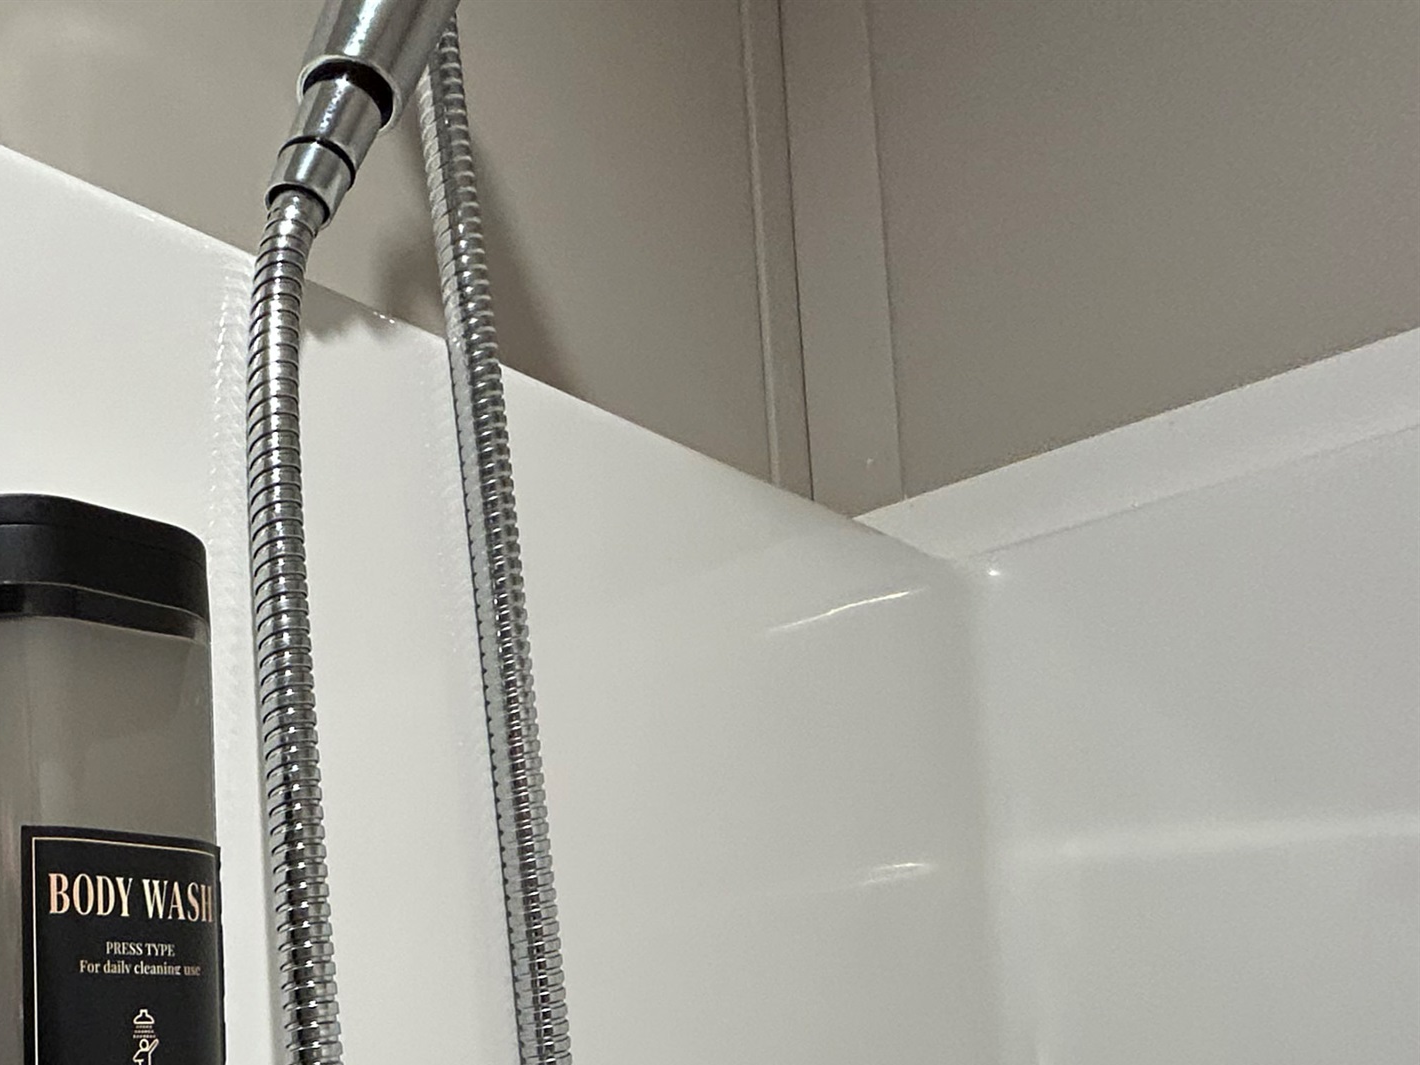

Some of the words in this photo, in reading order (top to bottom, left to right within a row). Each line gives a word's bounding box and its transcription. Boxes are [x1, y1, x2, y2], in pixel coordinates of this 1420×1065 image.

[48, 873, 133, 918] BODY
[143, 878, 213, 923] WASH
[106, 942, 143, 956] PRESS
[145, 943, 175, 957] TYPE
[80, 960, 100, 973] For
[104, 960, 131, 975] daily
[134, 961, 181, 975] cleaning
[184, 964, 201, 976] use
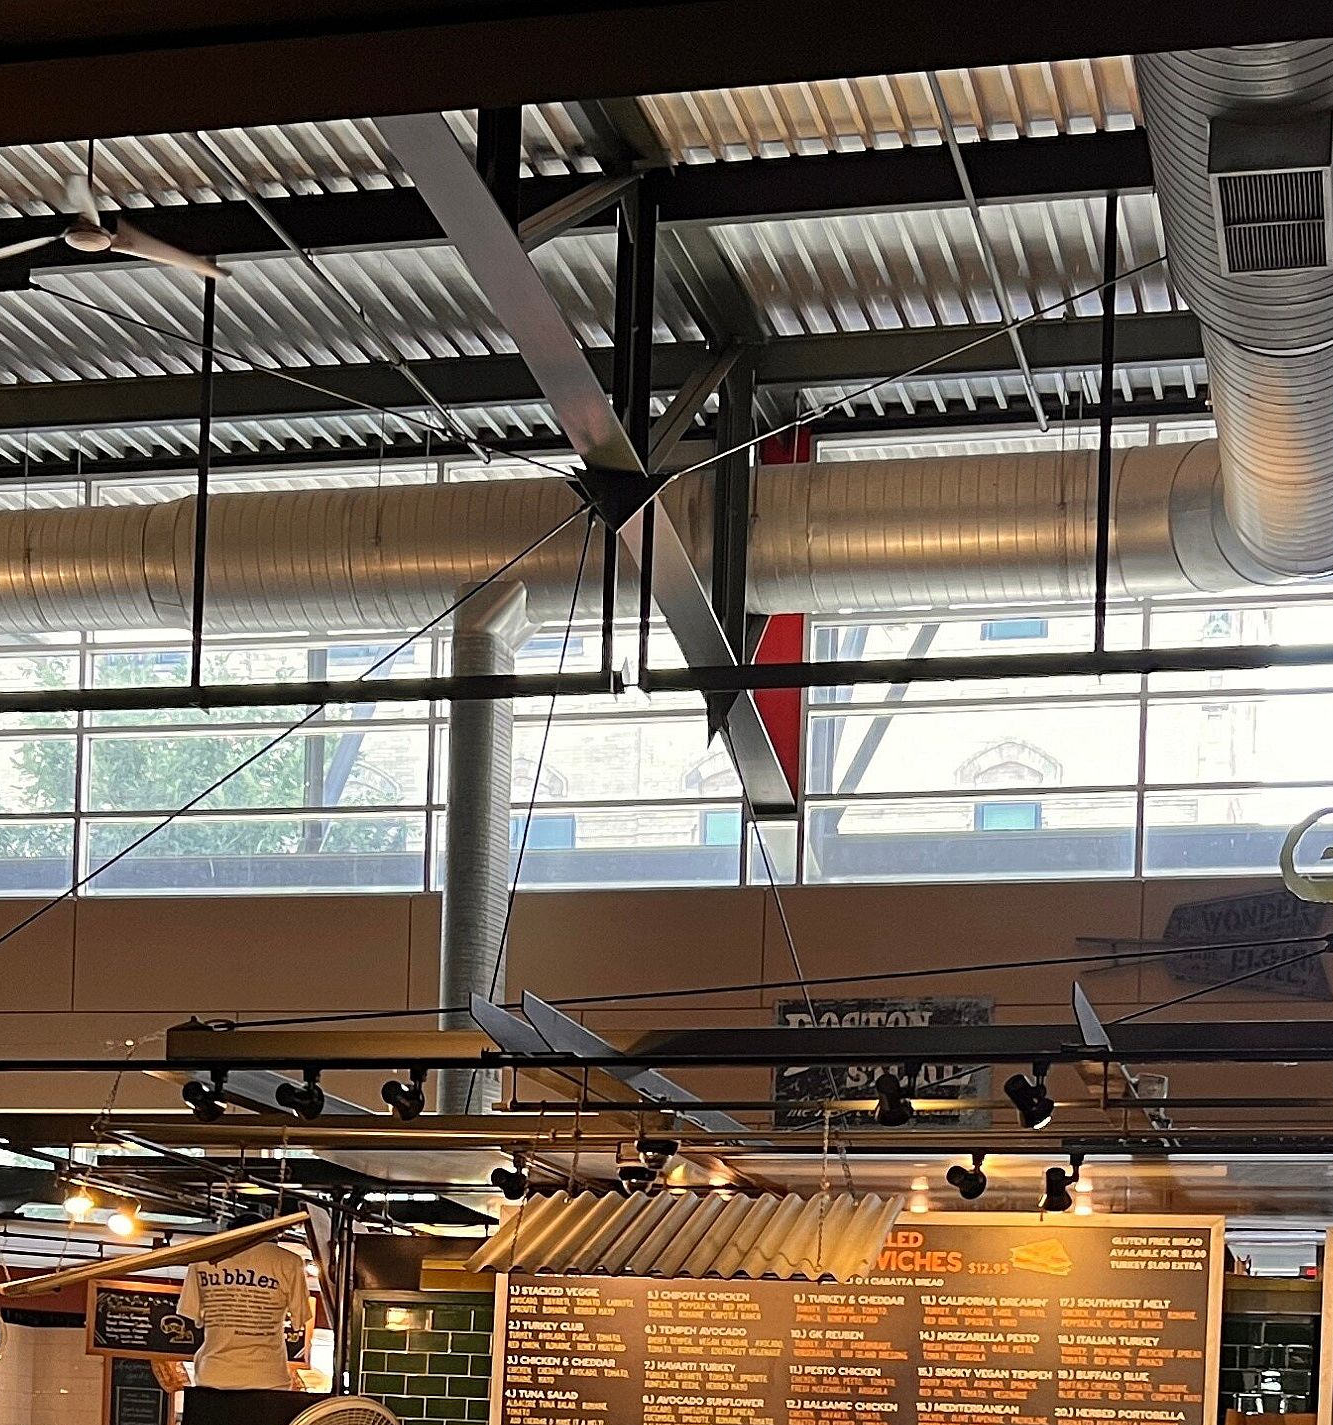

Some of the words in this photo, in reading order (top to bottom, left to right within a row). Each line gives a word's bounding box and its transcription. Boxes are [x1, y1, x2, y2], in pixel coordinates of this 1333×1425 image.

[1112, 1236, 1146, 1246] GLUTEN
[1148, 1237, 1170, 1246] FREE
[1172, 1238, 1203, 1246] BREAD
[1110, 1248, 1158, 1258] AVAILABLE
[1160, 1250, 1180, 1258] FOR
[968, 1263, 1009, 1274] $12.95
[1110, 1260, 1146, 1270] TURKEY
[1172, 1262, 1202, 1272] EXTRA
[197, 1268, 280, 1291] Bubbler
[870, 1278, 913, 1286] CIABATTA
[521, 1286, 564, 1297] STACKED
[566, 1287, 599, 1298] VEGGIE
[661, 1291, 705, 1301] CHIPOTLE
[707, 1292, 750, 1302] CHICKEN
[808, 1295, 846, 1305] TURKEY
[858, 1296, 904, 1306] CHEDDAR
[938, 1296, 997, 1307] CALIFORNIA
[1077, 1298, 1141, 1309] SOUTHWEST
[1143, 1300, 1170, 1310] MELT
[522, 1321, 558, 1332] TURKEY
[560, 1322, 584, 1332] CLUB
[699, 1327, 747, 1337] AVOCADO
[826, 1331, 864, 1340] REUBEN
[937, 1332, 1004, 1343] MOZZARELLA
[1007, 1333, 1040, 1343] PESTO
[1076, 1335, 1116, 1346] ITALIAN
[1119, 1336, 1159, 1347] TURKEY
[520, 1356, 561, 1366] CHICKEN
[571, 1358, 616, 1368] CHEDDAR
[657, 1362, 697, 1372] HAVARTI
[699, 1363, 736, 1373] TURKEY
[805, 1365, 835, 1376] PESTO
[838, 1367, 881, 1377] CHICKEN
[935, 1368, 971, 1378] SMOKY
[974, 1369, 1009, 1379] VEGAN
[1012, 1370, 1052, 1380] TEMPEH
[1076, 1370, 1121, 1382] BUFFALO
[1124, 1372, 1149, 1382] BLUE
[519, 1390, 545, 1399] TUNA
[547, 1391, 578, 1400] SALAD
[657, 1395, 704, 1406] AVOCADO
[706, 1397, 764, 1408] SUNFLOWER
[803, 1400, 852, 1411] BALSAMIC
[855, 1401, 898, 1412] CHICKEN
[934, 1403, 1019, 1415] MEDITERRANEAN
[1076, 1408, 1116, 1419] HERBED
[1118, 1410, 1186, 1421] PORTOBELLA
+ + +
WORK TO BE COMPLETED> When you reach an image, pass over it, and retype all other material exactly.

OUTPUT>
Some of the words in this photo, in reading order (top to bottom, left to right within a row). Each line gives a word's bounding box and its transcription. Boxes are [x1, y1, x2, y2], in pixel coordinates of this 1420×1065 image.

[48, 873, 133, 918] BODY
[143, 878, 213, 923] WASH
[106, 942, 143, 956] PRESS
[145, 943, 175, 957] TYPE
[80, 960, 100, 973] For
[104, 960, 131, 975] daily
[134, 961, 181, 975] cleaning
[184, 964, 201, 976] use

Some of the words in this photo, in reading order (top to bottom, left to right within a row). Each line gives a word's bounding box and its transcription. Boxes are [x1, y1, x2, y2], in pixel coordinates of this 1333×1425 image.

[1112, 1236, 1146, 1246] GLUTEN
[1148, 1237, 1170, 1246] FREE
[1172, 1238, 1203, 1246] BREAD
[1110, 1248, 1158, 1258] AVAILABLE
[1160, 1250, 1180, 1258] FOR
[968, 1263, 1009, 1274] $12.95
[1110, 1260, 1146, 1270] TURKEY
[1172, 1262, 1202, 1272] EXTRA
[197, 1268, 280, 1291] Bubbler
[870, 1278, 913, 1286] CIABATTA
[521, 1286, 564, 1297] STACKED
[566, 1287, 599, 1298] VEGGIE
[661, 1291, 705, 1301] CHIPOTLE
[707, 1292, 750, 1302] CHICKEN
[808, 1295, 846, 1305] TURKEY
[858, 1296, 904, 1306] CHEDDAR
[938, 1296, 997, 1307] CALIFORNIA
[1077, 1298, 1141, 1309] SOUTHWEST
[1143, 1300, 1170, 1310] MELT
[522, 1321, 558, 1332] TURKEY
[560, 1322, 584, 1332] CLUB
[699, 1327, 747, 1337] AVOCADO
[826, 1331, 864, 1340] REUBEN
[937, 1332, 1004, 1343] MOZZARELLA
[1007, 1333, 1040, 1343] PESTO
[1076, 1335, 1116, 1346] ITALIAN
[1119, 1336, 1159, 1347] TURKEY
[520, 1356, 561, 1366] CHICKEN
[571, 1358, 616, 1368] CHEDDAR
[657, 1362, 697, 1372] HAVARTI
[699, 1363, 736, 1373] TURKEY
[805, 1365, 835, 1376] PESTO
[838, 1367, 881, 1377] CHICKEN
[935, 1368, 971, 1378] SMOKY
[974, 1369, 1009, 1379] VEGAN
[1012, 1370, 1052, 1380] TEMPEH
[1076, 1370, 1121, 1382] BUFFALO
[1124, 1372, 1149, 1382] BLUE
[519, 1390, 545, 1399] TUNA
[547, 1391, 578, 1400] SALAD
[657, 1395, 704, 1406] AVOCADO
[706, 1397, 764, 1408] SUNFLOWER
[803, 1400, 852, 1411] BALSAMIC
[855, 1401, 898, 1412] CHICKEN
[934, 1403, 1019, 1415] MEDITERRANEAN
[1076, 1408, 1116, 1419] HERBED
[1118, 1410, 1186, 1421] PORTOBELLA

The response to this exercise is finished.